#### ENTRIES SHOWN ####

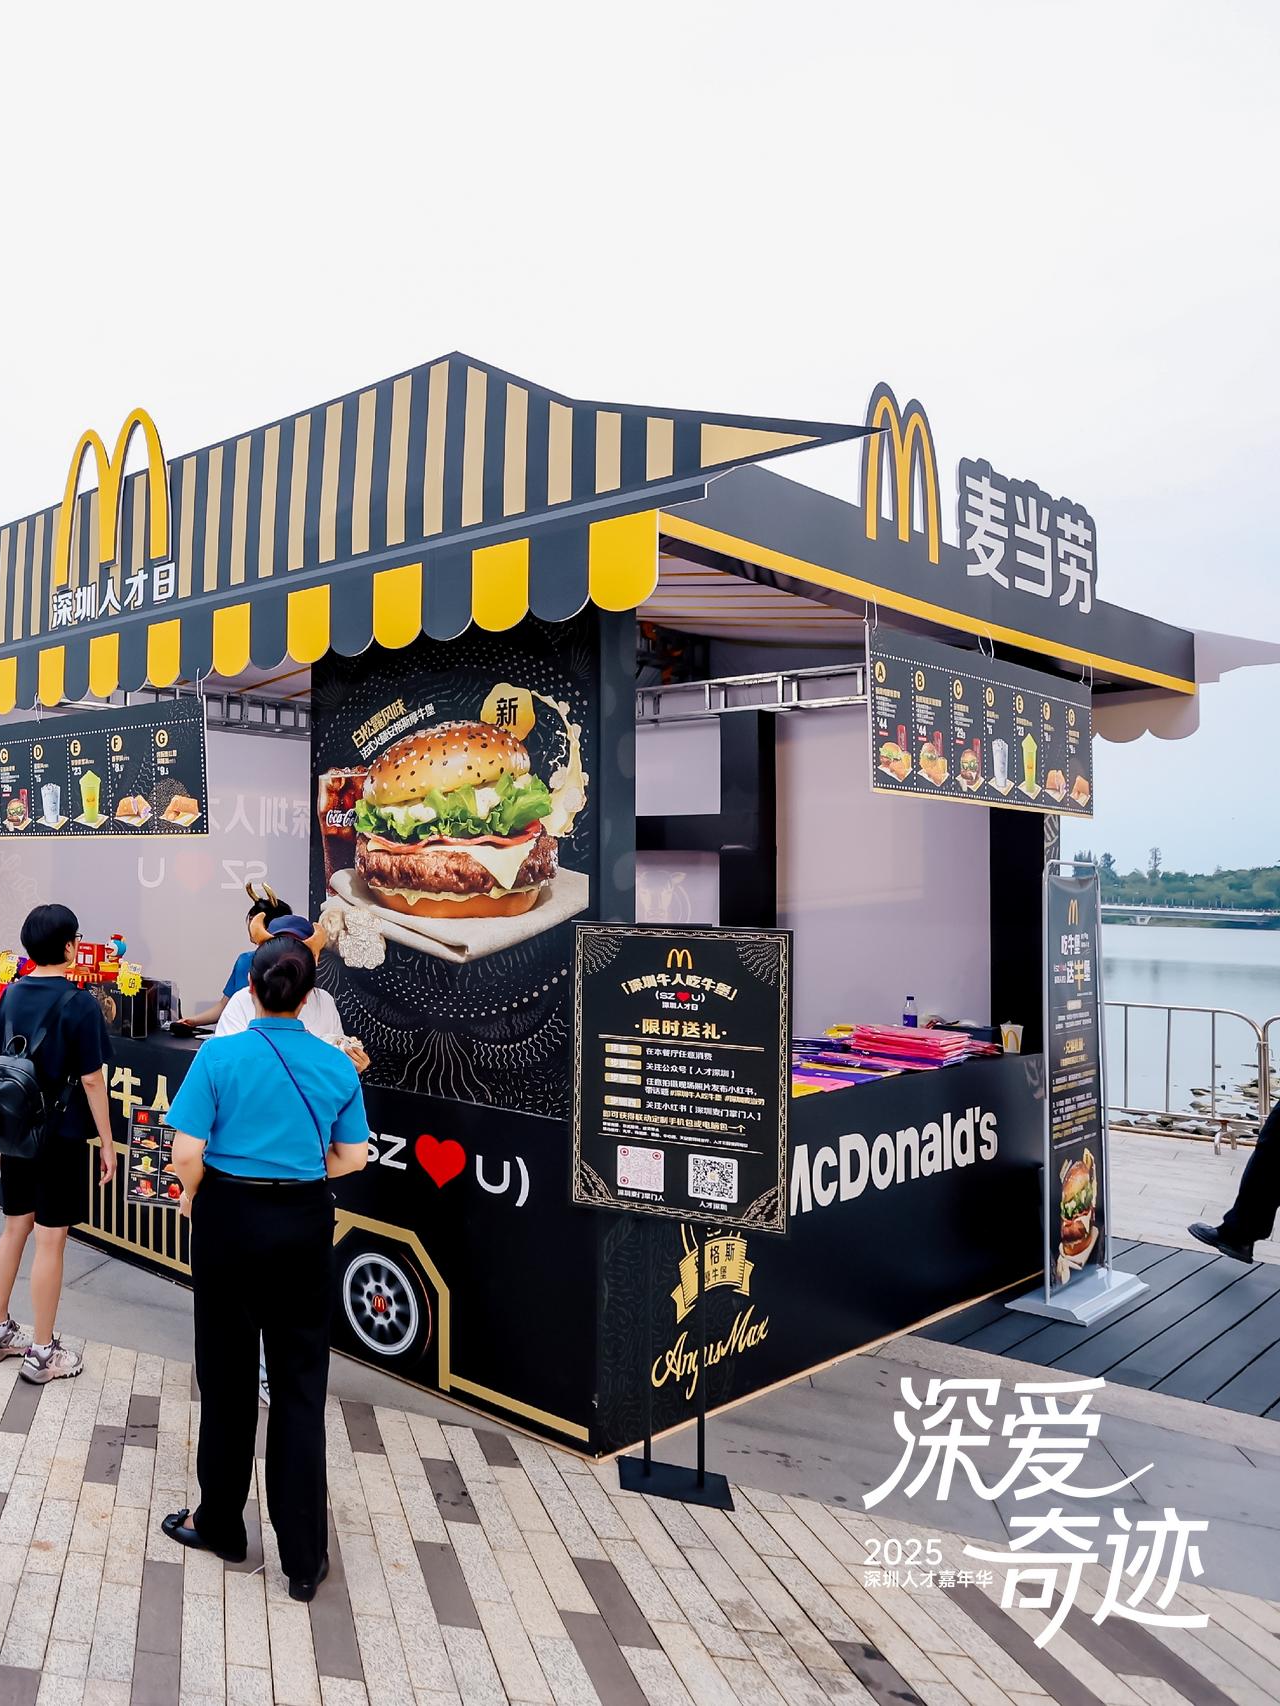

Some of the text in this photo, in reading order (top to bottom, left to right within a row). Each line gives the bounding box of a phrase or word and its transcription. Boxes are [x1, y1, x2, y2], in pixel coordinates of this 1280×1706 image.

[965, 475, 1093, 614] 麦当劳
[51, 562, 176, 629] 深圳人才日
[351, 698, 408, 749] 白松露风味
[495, 697, 519, 727] 新
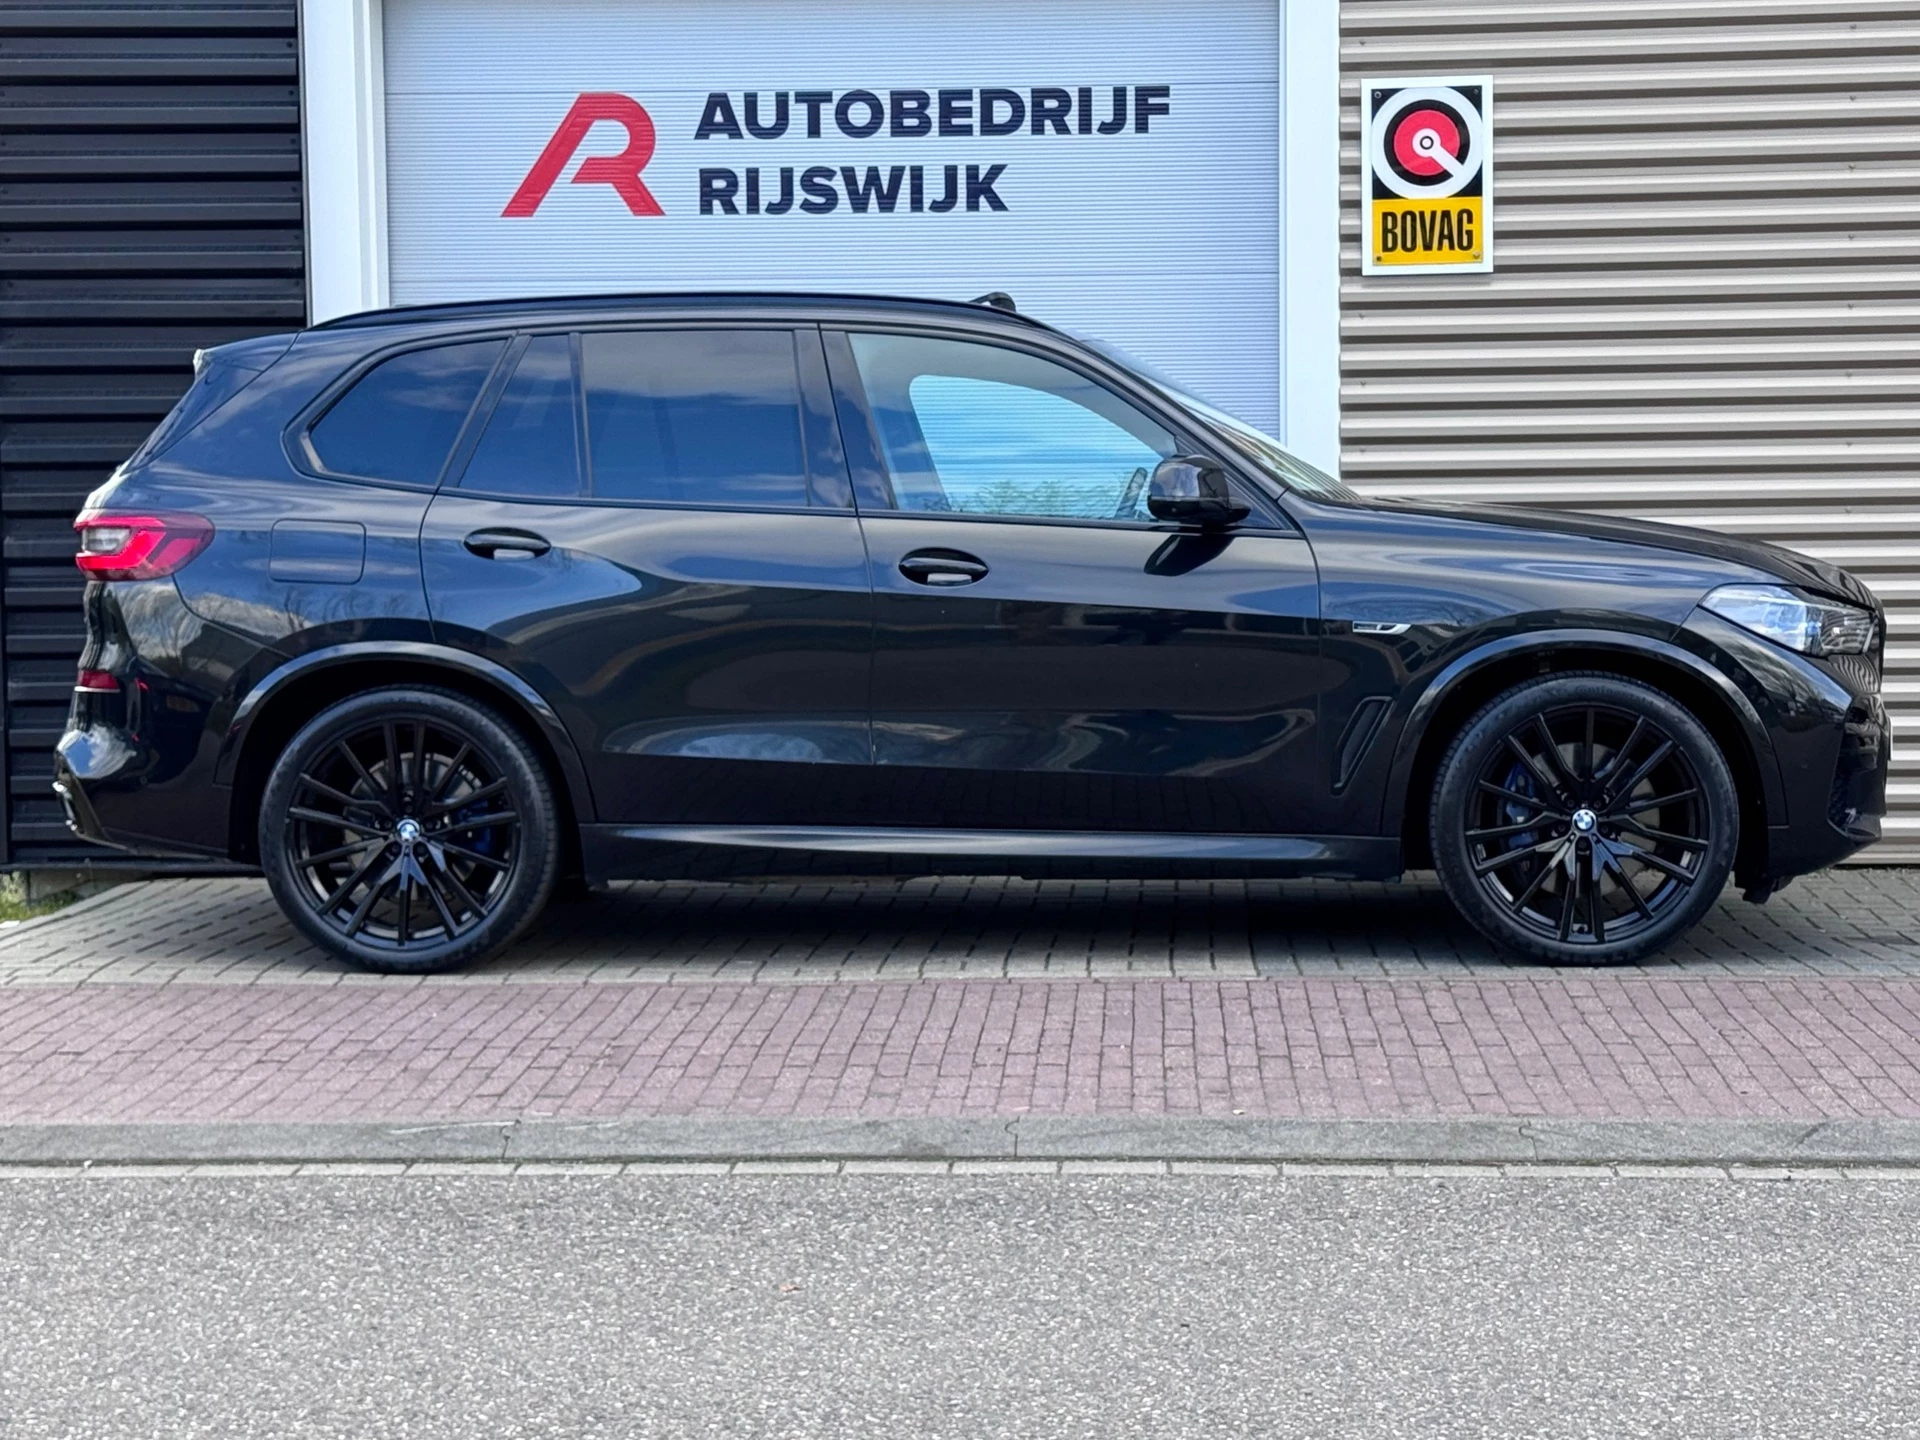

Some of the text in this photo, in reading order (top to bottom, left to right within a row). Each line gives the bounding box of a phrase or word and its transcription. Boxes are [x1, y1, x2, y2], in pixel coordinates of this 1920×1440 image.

[694, 85, 1171, 140] AUTOBEDRIJF
[699, 164, 1009, 215] RIJSWIJK
[1381, 208, 1474, 253] BOVAG
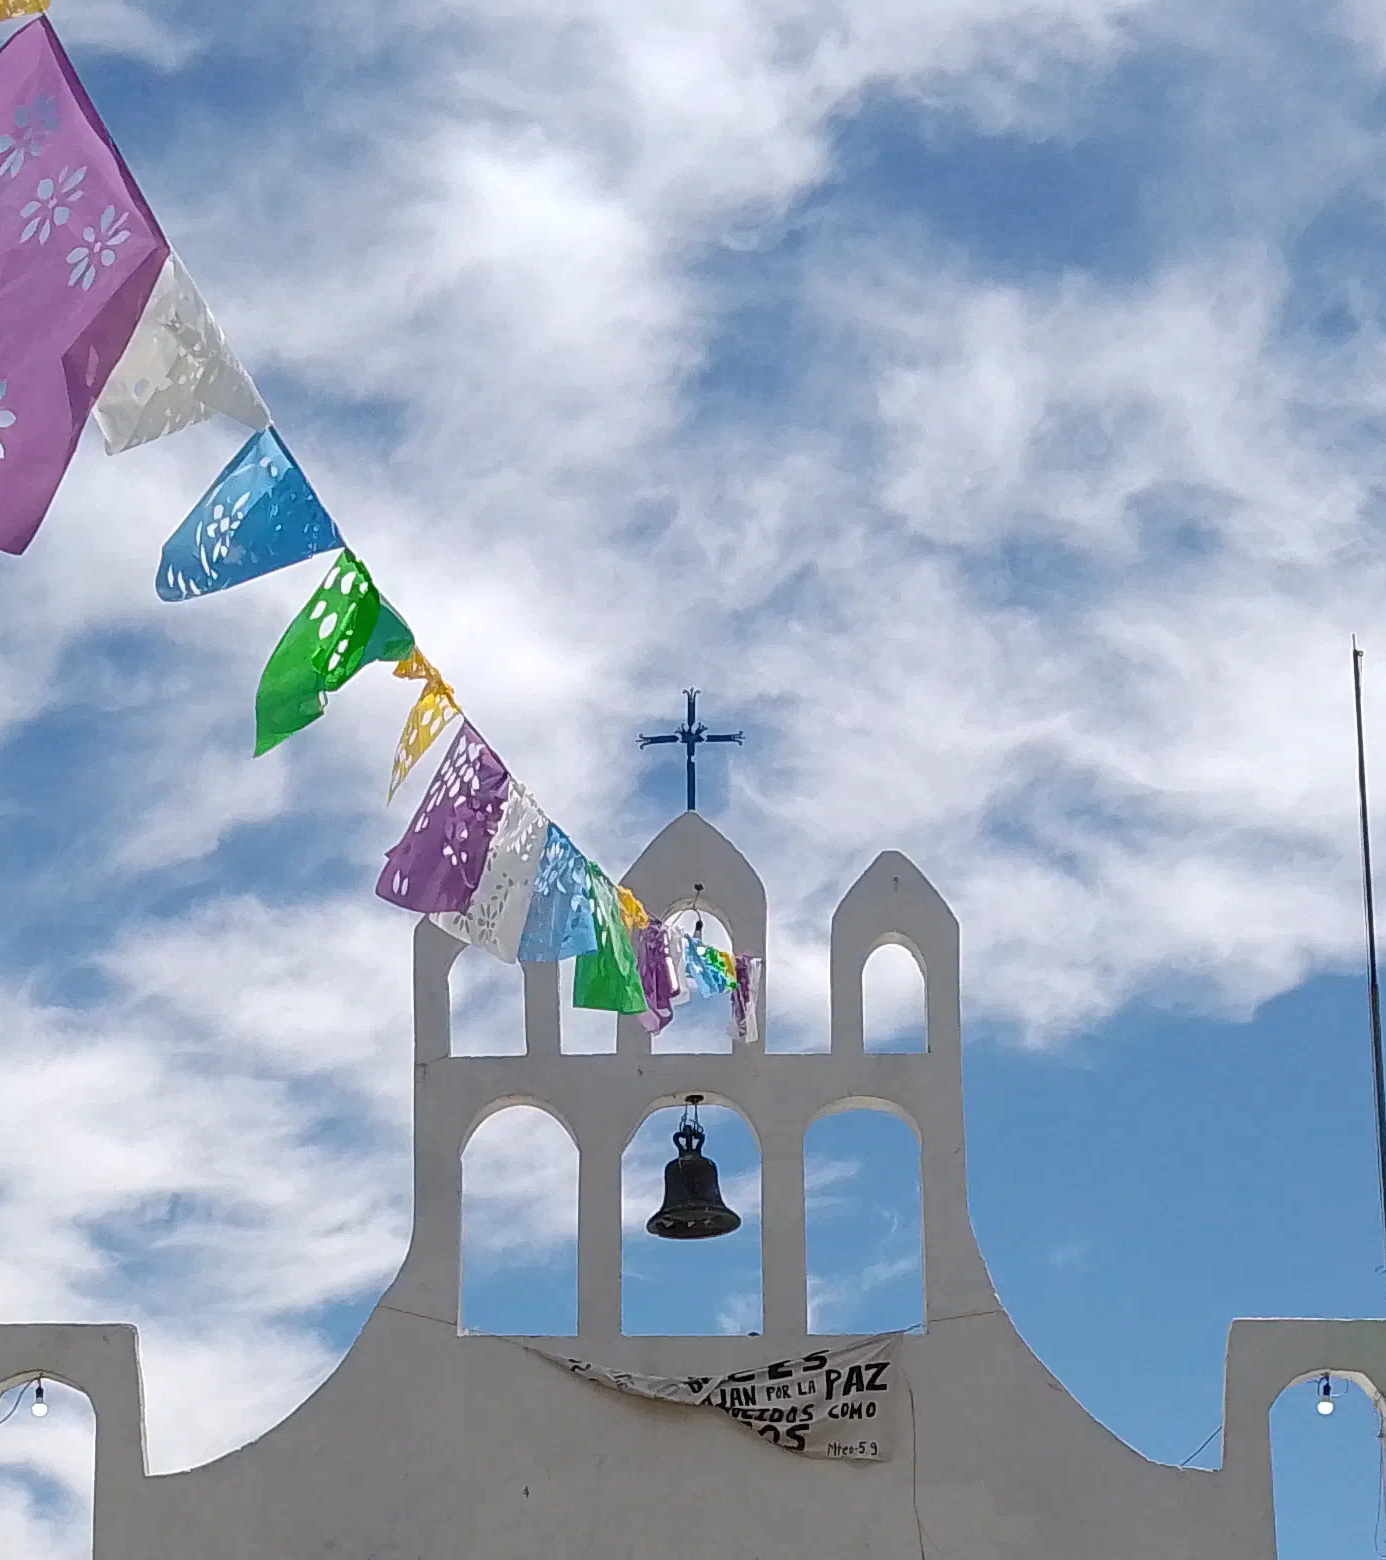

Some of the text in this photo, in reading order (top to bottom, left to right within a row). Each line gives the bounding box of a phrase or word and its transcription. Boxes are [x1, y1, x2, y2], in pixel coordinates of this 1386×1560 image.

[766, 1384, 791, 1401] POR
[797, 1380, 816, 1396] LA
[825, 1362, 888, 1400] PAZ
[828, 1402, 876, 1420] COMO
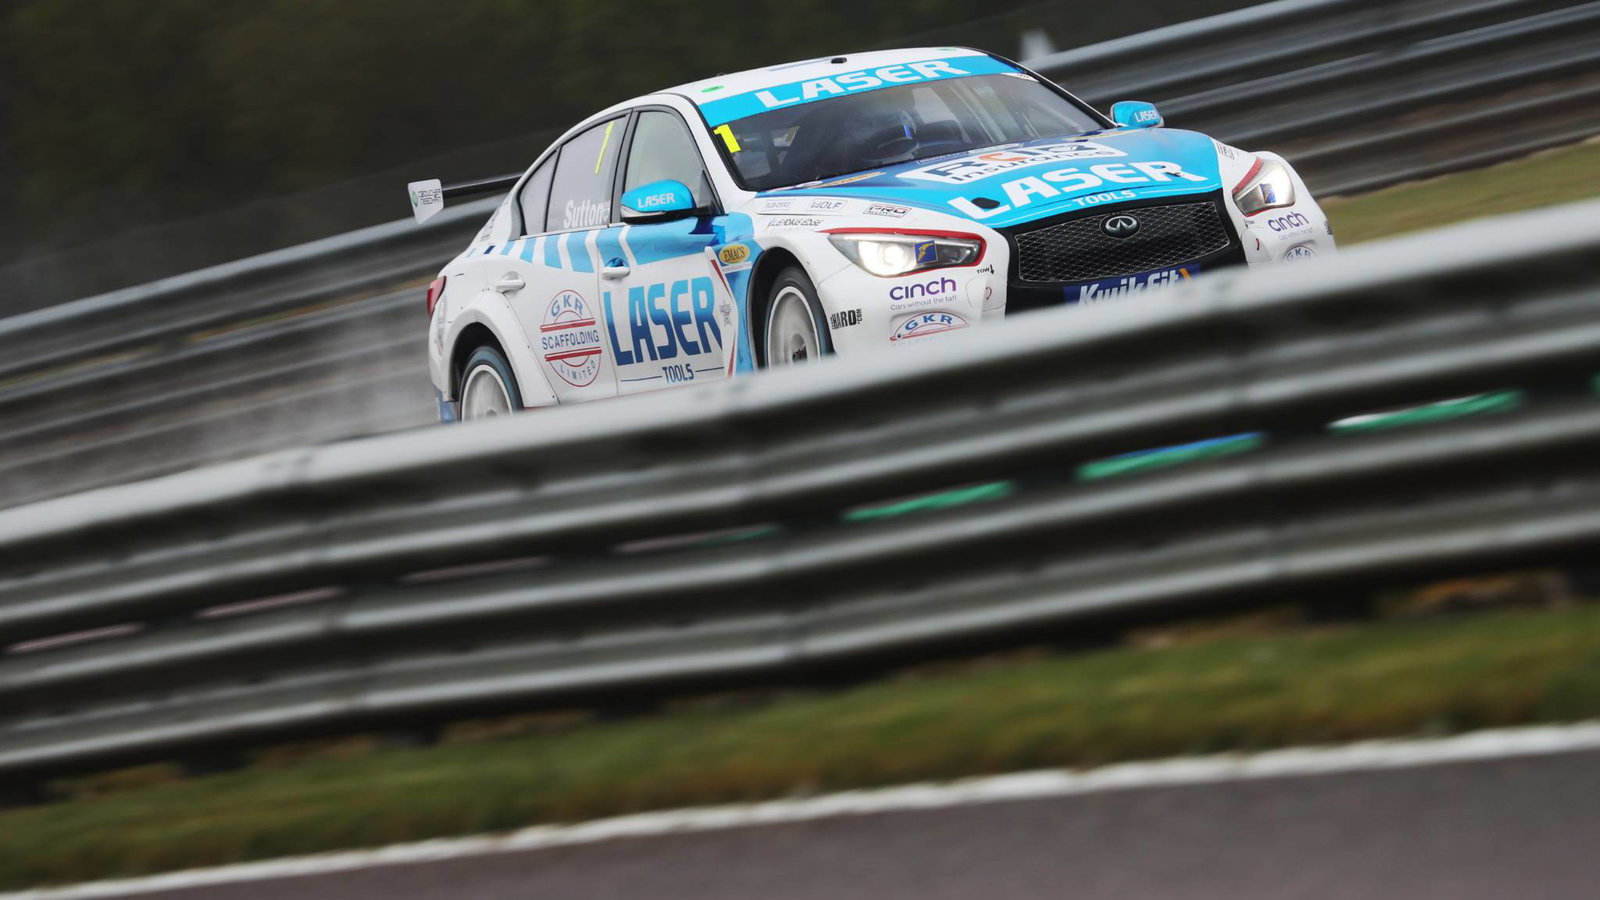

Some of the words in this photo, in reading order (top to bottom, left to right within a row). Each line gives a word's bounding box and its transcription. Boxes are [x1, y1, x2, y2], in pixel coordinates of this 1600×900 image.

####

**WHAT IS REQUIRED:** Once the pictures are set aside, repeat the data above exactly as written.

**WRITTEN ANSWER:**
Some of the text in this photo, in reading order (top to bottom, left to right within a row). Each line gives the bounding box of a phrase or word and its transcription. Boxes are [x1, y1, x2, y2], in pixel coordinates of this 1280×1706 image.

[965, 475, 1093, 614] 麦当劳
[51, 562, 176, 629] 深圳人才日
[351, 698, 408, 749] 白松露风味
[495, 697, 519, 727] 新

Some of the text in this photo, in reading order (top to bottom, left to right within a row). Each line gives the bounding box of a phrase or word and its transcription. Boxes are [x1, y1, x2, y2], in pixel coordinates of this 1920×1440 image.

[694, 85, 1171, 140] AUTOBEDRIJF
[699, 164, 1009, 215] RIJSWIJK
[1381, 208, 1474, 253] BOVAG

Some of the text in this photo, in reading order (top to bottom, left to right within a row). Each line gives the bounding box of a phrase or word and its transcription. Boxes are [x1, y1, x2, y2], in pixel coordinates of this 1386×1560 image.

[766, 1384, 791, 1401] POR
[797, 1380, 816, 1396] LA
[825, 1362, 888, 1400] PAZ
[828, 1402, 876, 1420] COMO

Some of the words in this photo, in reading order (top to bottom, left to right within a row). Each line gives a word's bounding box and its transcription. Boxes are [x1, y1, x2, y2], in pixel coordinates of this 1600×900 image.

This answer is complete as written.